▶

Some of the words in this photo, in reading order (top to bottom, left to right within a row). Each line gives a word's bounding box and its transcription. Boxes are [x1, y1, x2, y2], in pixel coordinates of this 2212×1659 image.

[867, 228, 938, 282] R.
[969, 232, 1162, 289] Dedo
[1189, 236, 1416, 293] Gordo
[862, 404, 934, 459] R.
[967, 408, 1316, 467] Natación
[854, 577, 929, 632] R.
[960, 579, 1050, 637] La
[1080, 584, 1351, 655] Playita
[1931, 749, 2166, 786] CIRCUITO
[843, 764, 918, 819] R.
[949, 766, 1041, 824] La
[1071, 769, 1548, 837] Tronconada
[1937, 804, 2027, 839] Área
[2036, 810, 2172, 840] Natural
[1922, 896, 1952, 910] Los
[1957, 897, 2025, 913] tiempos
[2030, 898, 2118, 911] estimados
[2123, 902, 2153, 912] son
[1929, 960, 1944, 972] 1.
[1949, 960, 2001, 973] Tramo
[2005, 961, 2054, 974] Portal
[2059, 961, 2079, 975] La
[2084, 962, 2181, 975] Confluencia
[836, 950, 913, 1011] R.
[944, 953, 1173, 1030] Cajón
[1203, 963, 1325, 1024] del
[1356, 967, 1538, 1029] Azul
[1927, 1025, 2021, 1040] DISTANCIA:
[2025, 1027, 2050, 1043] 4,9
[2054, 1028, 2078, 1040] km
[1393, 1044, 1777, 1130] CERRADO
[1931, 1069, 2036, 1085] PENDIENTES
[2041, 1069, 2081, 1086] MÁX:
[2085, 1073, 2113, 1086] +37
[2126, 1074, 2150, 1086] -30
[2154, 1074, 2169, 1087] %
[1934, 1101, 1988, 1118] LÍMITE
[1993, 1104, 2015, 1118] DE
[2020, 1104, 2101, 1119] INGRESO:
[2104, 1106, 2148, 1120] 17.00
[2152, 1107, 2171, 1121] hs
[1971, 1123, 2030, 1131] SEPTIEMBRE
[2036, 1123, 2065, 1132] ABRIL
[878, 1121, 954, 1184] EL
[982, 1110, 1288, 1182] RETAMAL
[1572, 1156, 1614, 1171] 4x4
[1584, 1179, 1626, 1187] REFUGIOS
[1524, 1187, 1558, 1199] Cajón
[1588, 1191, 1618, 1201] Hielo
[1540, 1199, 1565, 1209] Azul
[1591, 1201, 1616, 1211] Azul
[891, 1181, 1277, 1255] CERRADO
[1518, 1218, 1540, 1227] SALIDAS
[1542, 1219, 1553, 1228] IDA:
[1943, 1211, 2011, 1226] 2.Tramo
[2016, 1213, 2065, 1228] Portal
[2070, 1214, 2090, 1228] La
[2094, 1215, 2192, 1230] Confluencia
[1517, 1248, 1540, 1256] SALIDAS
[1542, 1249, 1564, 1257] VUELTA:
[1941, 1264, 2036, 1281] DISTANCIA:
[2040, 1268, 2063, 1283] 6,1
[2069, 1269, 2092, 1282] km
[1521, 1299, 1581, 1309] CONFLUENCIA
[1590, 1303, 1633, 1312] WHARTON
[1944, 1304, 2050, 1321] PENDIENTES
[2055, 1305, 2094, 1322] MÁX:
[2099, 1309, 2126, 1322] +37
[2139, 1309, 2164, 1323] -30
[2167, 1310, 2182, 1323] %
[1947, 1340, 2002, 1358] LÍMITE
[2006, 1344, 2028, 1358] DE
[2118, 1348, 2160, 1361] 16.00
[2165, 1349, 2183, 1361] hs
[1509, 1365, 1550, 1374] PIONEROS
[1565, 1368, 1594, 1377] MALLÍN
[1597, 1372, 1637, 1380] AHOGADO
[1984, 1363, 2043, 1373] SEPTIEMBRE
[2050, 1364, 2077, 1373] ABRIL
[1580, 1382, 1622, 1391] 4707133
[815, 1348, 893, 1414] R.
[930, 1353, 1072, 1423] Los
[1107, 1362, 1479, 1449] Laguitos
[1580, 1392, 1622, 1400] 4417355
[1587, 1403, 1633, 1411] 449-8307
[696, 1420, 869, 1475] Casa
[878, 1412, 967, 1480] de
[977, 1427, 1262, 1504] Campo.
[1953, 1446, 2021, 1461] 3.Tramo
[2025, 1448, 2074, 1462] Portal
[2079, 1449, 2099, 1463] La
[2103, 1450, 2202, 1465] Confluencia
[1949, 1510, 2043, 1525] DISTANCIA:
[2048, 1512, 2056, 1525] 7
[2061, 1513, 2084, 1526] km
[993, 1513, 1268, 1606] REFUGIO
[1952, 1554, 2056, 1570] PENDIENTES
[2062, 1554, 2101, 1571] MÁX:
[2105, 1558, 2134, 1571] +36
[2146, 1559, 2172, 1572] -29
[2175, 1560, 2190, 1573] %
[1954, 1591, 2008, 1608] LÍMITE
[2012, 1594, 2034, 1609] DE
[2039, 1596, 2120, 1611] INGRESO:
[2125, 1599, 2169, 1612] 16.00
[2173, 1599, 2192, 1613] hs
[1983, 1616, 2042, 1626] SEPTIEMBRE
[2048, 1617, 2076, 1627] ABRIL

◀

[EXERCISE DESCRIPTION] Reproduce each line from the records that contains the word "ABRIL".

[ANSWER FOR THIS EXERCISE]
[2036, 1123, 2065, 1132] ABRIL
[2050, 1364, 2077, 1373] ABRIL
[2048, 1617, 2076, 1627] ABRIL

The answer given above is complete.